Wednesday, 27 February 2013

Emergency Motion for North West TUC Conference in March 2013

Emergency Motion for North West TUC Conference 2013:
Title:  Blacklisting in the Construction industry 
IN March 2009, the offices of the Consulting Association were raided by staff acting on behalf of the Information Commissioner's Office (ICO). Documentation discovered on the premises included a blacklist containing the names of over 3,000 construction workers. This illegal data base contained personal information about (inter alia) the trade union and political activities of building workers.

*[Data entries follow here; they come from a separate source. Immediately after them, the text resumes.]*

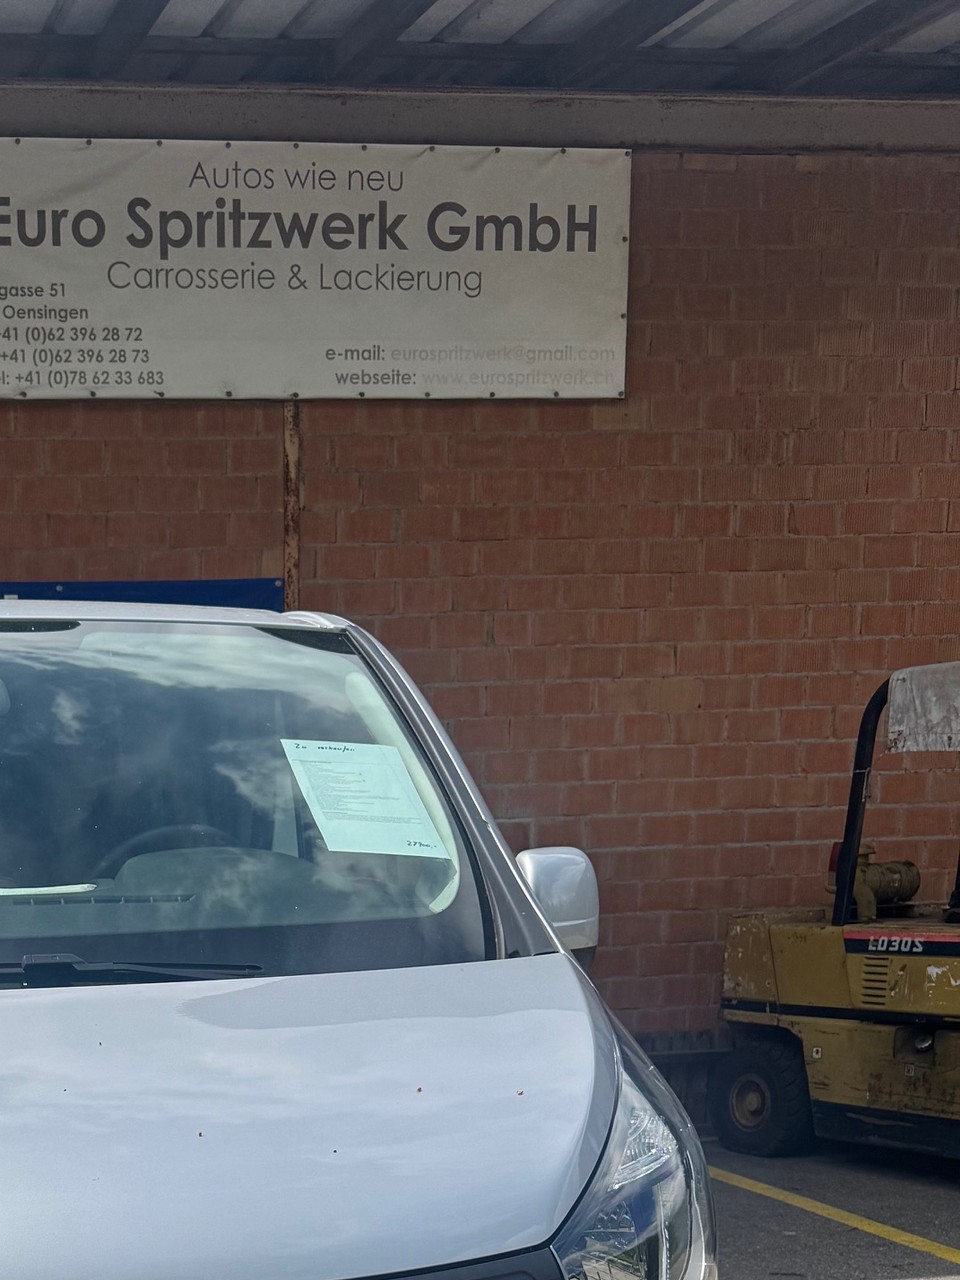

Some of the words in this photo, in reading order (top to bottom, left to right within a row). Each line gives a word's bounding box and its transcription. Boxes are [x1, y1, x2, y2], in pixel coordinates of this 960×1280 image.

[188, 161, 274, 189] Autos
[284, 162, 336, 190] wie
[348, 169, 404, 191] neu
[126, 196, 409, 260] Spritzwerk
[426, 202, 598, 252] GmbH
[107, 261, 275, 290] Carrosserie
[288, 264, 308, 290] &
[320, 263, 482, 298] Lackierung
[49, 283, 66, 297] 51
[3, 305, 89, 322] Oensingen
[26, 327, 65, 345] (0)62
[70, 327, 97, 341] 396
[102, 327, 120, 341] 28
[125, 328, 143, 341] 72
[0, 350, 26, 363] +41
[33, 349, 72, 366] (0)62
[77, 350, 104, 363] 396
[108, 350, 127, 363] 28
[132, 350, 149, 363] 73
[325, 345, 385, 361] e-mail:
[15, 372, 40, 385] +41
[48, 371, 87, 388] (0)78
[92, 372, 110, 385] 62
[115, 372, 132, 385] 33
[138, 372, 164, 385] 683
[335, 369, 417, 385] webseite:

Conference notes that this data-base also included personal details of environmental activists, MPs, journalists and academics, as well as details about their families and other interests. Conference also notes, that information provided on these files was, according to David Clancy, Special Investigator for the ICO, provided by the police and security services. 
The Consulting Association was set up and run on behalf of at least 44 major construction companies; including Sir Robert McAlpine; Carillion; Balfour Beatty. Many of these companies paid both an affiliation fee, a fee for each name they requested to be monitored, and provided supplementary information on trade union activists and other workers in their employ. 

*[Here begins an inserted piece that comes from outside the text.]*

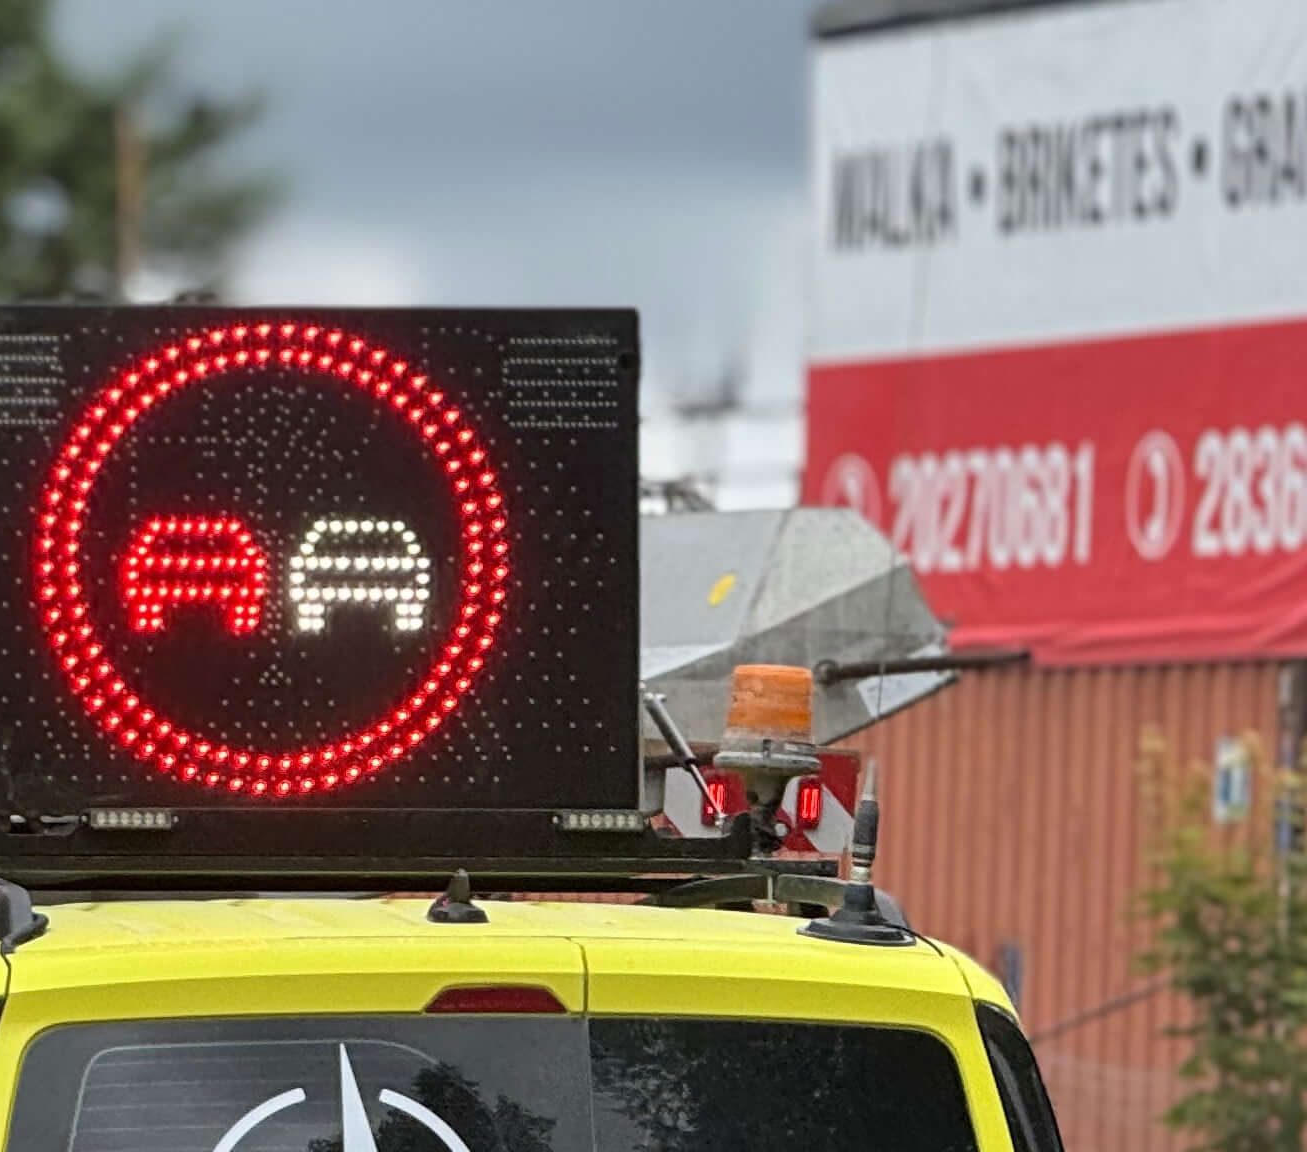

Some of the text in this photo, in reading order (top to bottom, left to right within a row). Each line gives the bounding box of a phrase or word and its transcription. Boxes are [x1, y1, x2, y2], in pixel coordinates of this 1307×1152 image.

[998, 106, 1178, 236] BRIKETES
[1222, 90, 1307, 210] GRA
[890, 441, 1094, 571] 20270681

Though many of these companies have been exposed for their links to the Consulting Association, they continue to receive tax-payer funded public sector contracts: for example Tameside MBC has handed over lucrative contracts to Carillion to maintain and manage their properties.

Conversely in January 2013, Hull City Council took the decision to refuse to award public contracts to the 44 construction firms who were implicated with the secretive blacklisting organisation: The Consulting Association. More recently Knowsley MBC and Tower Hamlets MBC have done the same, and Harlow MBC are reported to be considering their position with this regard. 

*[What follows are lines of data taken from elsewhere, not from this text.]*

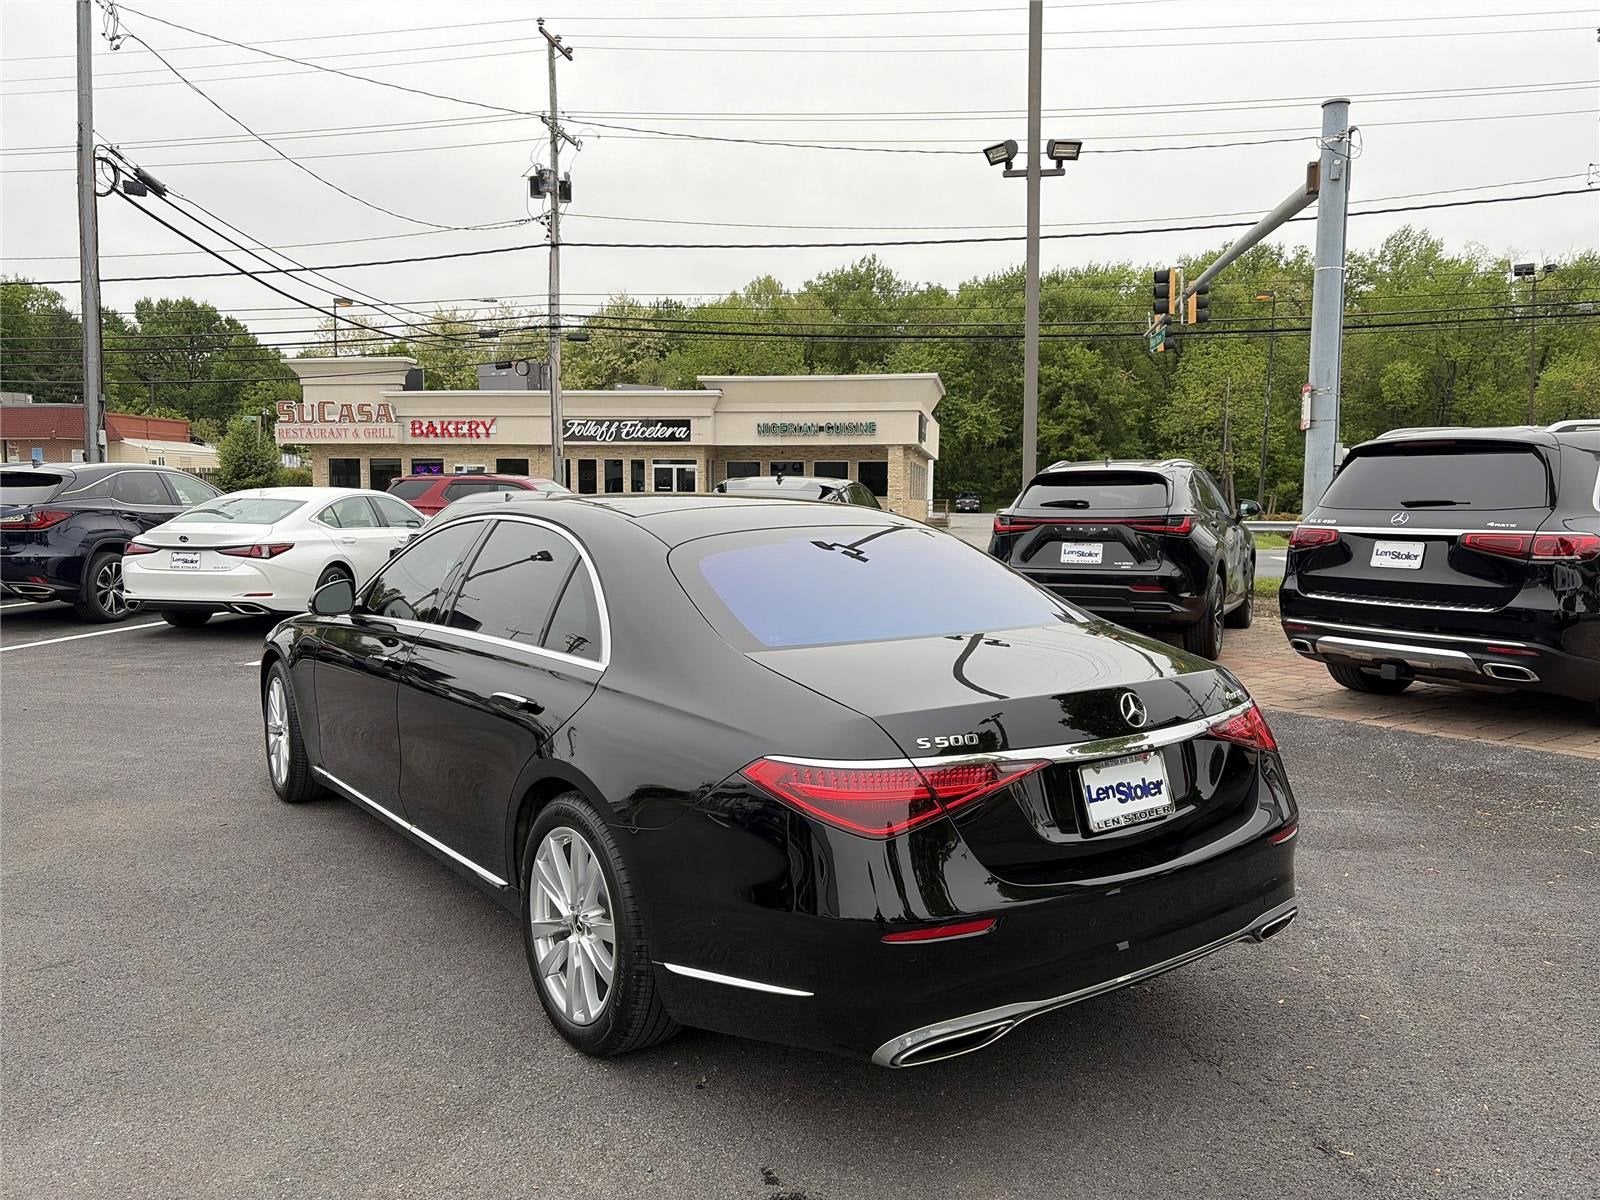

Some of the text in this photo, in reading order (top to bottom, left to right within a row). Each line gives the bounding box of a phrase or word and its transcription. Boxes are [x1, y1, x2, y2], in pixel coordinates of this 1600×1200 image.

[278, 427, 395, 440] RESTAURANT & GRILL
[410, 417, 497, 439] BAKERY
[620, 420, 690, 440] Etcetera
[757, 421, 877, 437] NIGERIAN CUISINE
[916, 733, 979, 749] S 500
[1096, 805, 1172, 830] LEN STOLER

Recent reports in the national press and other media have disclosed that blacklisting had been taking place on Crossrail and Olympic projects. Conference consequently calls upon the TUC: 

i. To support demands for a full investigation/ public inquiry into blacklisting, both past and present, and into the intimate involvement of both the police and security services in these iniquitous practices.

ii. To draw up a list of local authorities who are awarding contracts to blacklisters like Carillion, and to try to get them to award publicly funded contracts to companies that are not among the 44 companies that were affiliated to the Consulting Association.

Produced by Tameside TUC & Greater Manchester Contracting Branch for Greater Manchester County Association TUCs' 'Emergency Motion'.